Désormais, ces plus-values de cession de titres bénéficient d’abord d’un abattement fixe de 500.000 € à la suite duquel s’ajoute l’abattement proportionnel renforcé. Cet abattement fixe s’applique à l’ensemble des plus-values correspondant à une même société et non à chaque cession (la réalisation de cessions échelonnées dans le temps ne permettrait donc pas d’optimiser l’application de l’abattement fixe).

Le nouveau régime s’avère donc moins performant dès lors que la plus-value excède 500.000 €.

4. Et les moins-values ?

La loi prévoit que l’abattement s’applique «aux gains nets». Il est à craindre néanmoins que l’Administration considère qu’il frappe également les moins-values, comme elle l’avait fait dans l’instruction commentant la première version de l’article 150-0 D bis qui n’a jamais été appliquée (BOI-RPPM-PVBMI-20-20-30-10-20120912, n°1). Cette solution aurait l’effet néfaste de limiter le montant des moins-values imputables sur les plus-values de même nature. Quel que soit le débat que l’on puisse avoir à ce sujet, force est de constater que les porteurs de titres dépréciés sont donc puissamment incités à les céder… dès que possible, ce qui va à rebours de l’objectif de fidélisation poursuivi par la loi.

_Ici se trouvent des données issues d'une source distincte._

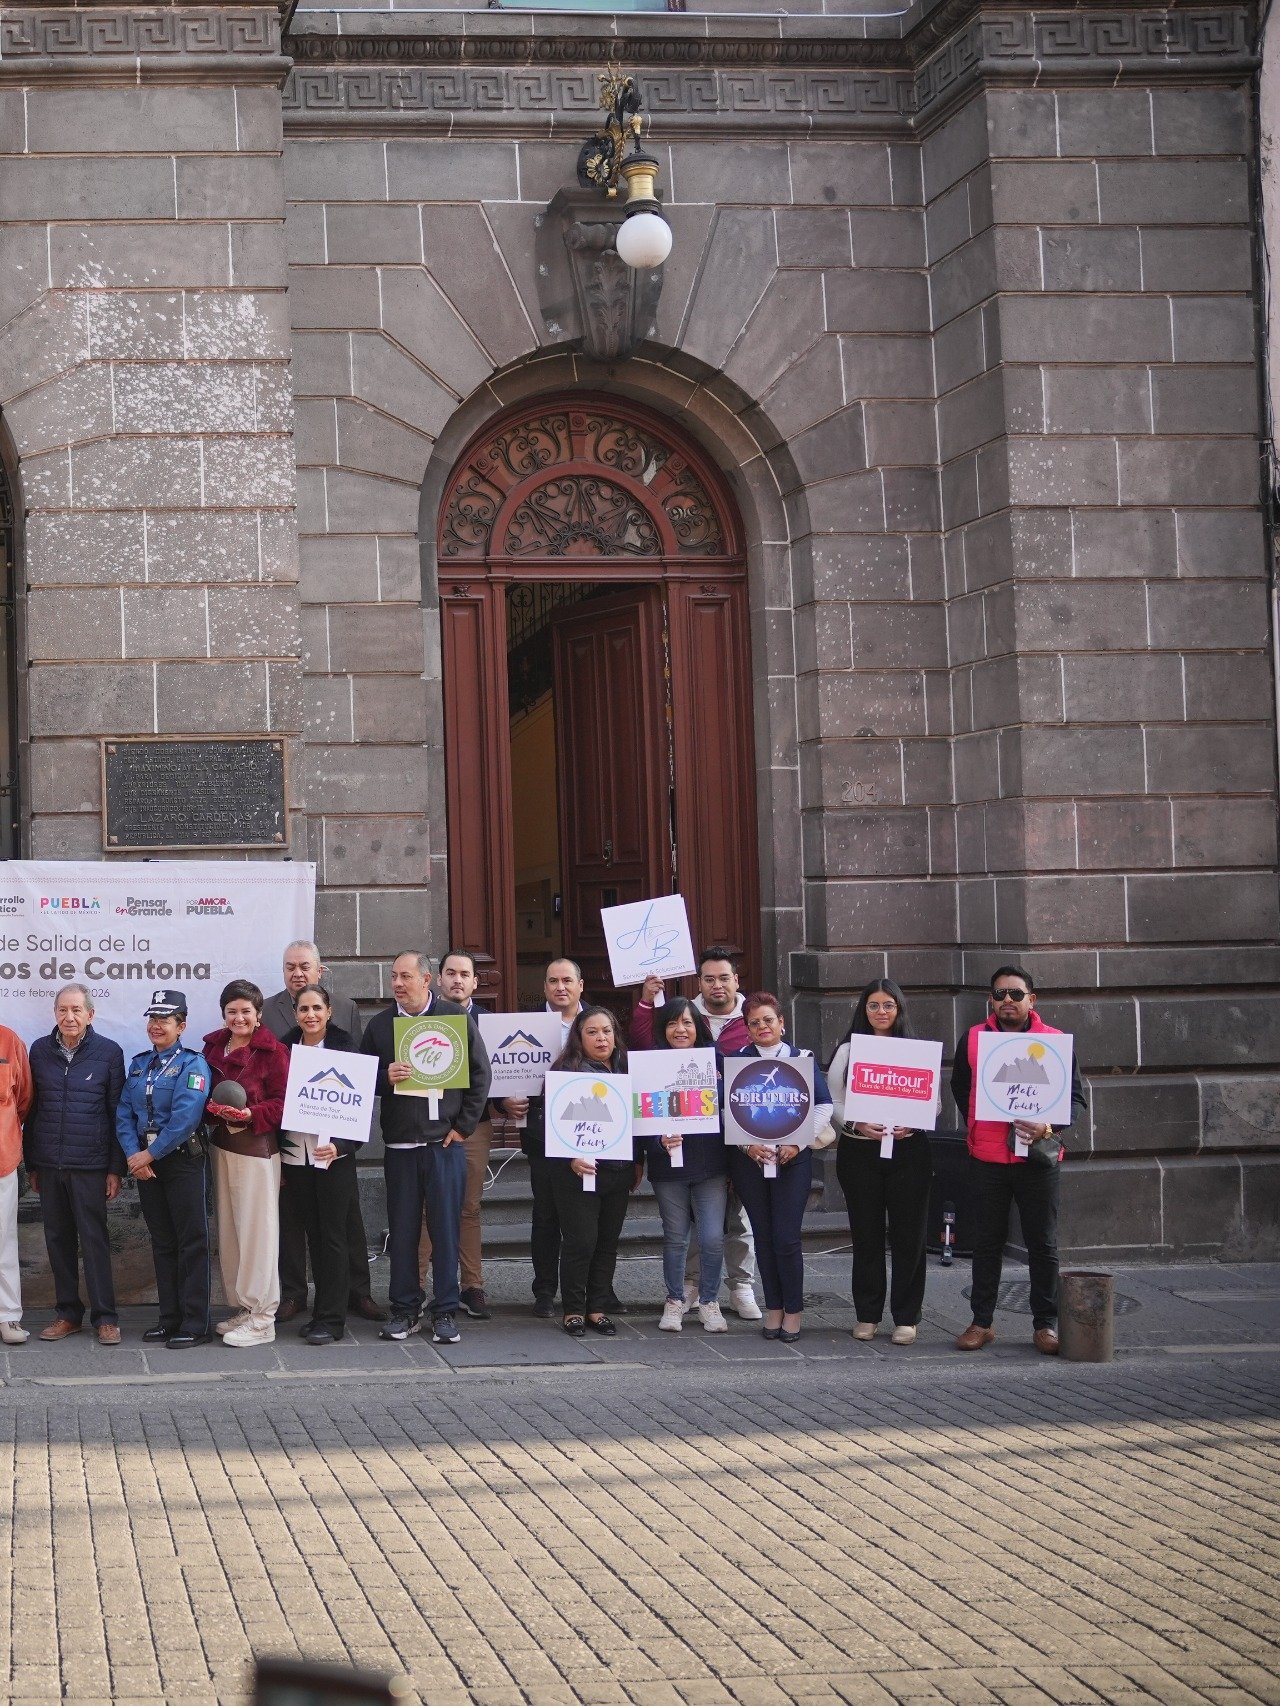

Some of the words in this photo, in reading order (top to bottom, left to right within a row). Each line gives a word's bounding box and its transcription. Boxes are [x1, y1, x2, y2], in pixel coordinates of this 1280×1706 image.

Le suivi des reports de moins-values s’annonce complexe : il devra être double dès lors que les abattements ne s’appliquent qu’à l’IR et non aux prélèvements sociaux. A moins que l’Administration n’estime, contre toute logique et équité, que pour l’assiette des prélèvements sociaux, l’imputation des moins-values doit être calée sur le montant imputé pour le calcul de l’IR.

Conclusion

Cette nouvelle réforme n’est pas exempte de difficultés d’interprétation, comme on a pu l’apercevoir déjà s’agissant de l’application du régime « pigeons » aux holdings animatrices. D’autres sujets sont en germe. Quid du traitement des titres démembrés ? Qu’en sera-t-il, pour les régimes des dirigeants partant à la retraite, des co-cédants familiaux ou co-fondateurs ? Etc.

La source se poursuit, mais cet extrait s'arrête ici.